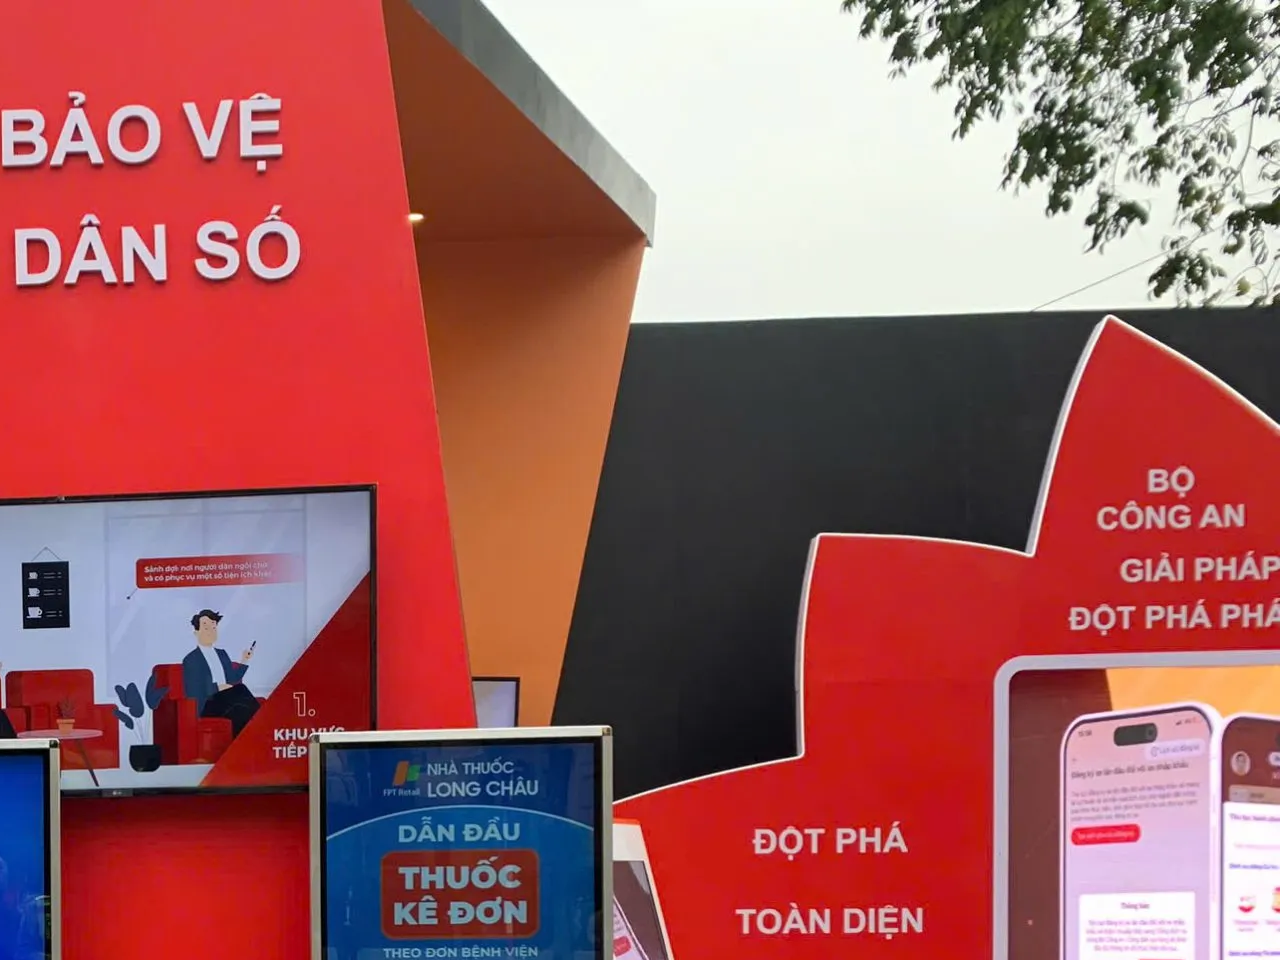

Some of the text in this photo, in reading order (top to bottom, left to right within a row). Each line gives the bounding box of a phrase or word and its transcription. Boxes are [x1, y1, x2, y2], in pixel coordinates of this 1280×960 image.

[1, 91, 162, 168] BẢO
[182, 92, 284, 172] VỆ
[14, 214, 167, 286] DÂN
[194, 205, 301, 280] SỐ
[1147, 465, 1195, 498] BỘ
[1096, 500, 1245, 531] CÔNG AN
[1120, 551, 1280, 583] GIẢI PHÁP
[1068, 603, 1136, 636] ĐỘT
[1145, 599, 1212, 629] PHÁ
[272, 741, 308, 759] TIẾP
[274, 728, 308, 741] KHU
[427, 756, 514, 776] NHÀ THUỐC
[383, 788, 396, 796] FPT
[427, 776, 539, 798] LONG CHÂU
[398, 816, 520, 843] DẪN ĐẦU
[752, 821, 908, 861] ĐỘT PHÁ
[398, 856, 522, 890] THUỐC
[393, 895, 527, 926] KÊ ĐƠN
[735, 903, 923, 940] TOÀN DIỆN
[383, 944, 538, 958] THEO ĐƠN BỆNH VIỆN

============================================================

### What to produce
Do not include the images; transcribe the rest of the listing exactly.

### Output of the task
Some of the text in this photo, in reading order (top to bottom, left to right within a row). Each line gives the bounding box of a phrase or word and its transcription. Boxes are [x1, y1, x2, y2], in pixel coordinates of this 1280×960 image.

[1, 91, 162, 168] BẢO
[182, 92, 284, 172] VỆ
[14, 214, 167, 286] DÂN
[194, 205, 301, 280] SỐ
[1147, 465, 1195, 498] BỘ
[1096, 500, 1245, 531] CÔNG AN
[1120, 551, 1280, 583] GIẢI PHÁP
[1068, 603, 1136, 636] ĐỘT
[1145, 599, 1212, 629] PHÁ
[272, 741, 308, 759] TIẾP
[274, 728, 308, 741] KHU
[427, 756, 514, 776] NHÀ THUỐC
[383, 788, 396, 796] FPT
[427, 776, 539, 798] LONG CHÂU
[398, 816, 520, 843] DẪN ĐẦU
[752, 821, 908, 861] ĐỘT PHÁ
[398, 856, 522, 890] THUỐC
[393, 895, 527, 926] KÊ ĐƠN
[735, 903, 923, 940] TOÀN DIỆN
[383, 944, 538, 958] THEO ĐƠN BỆNH VIỆN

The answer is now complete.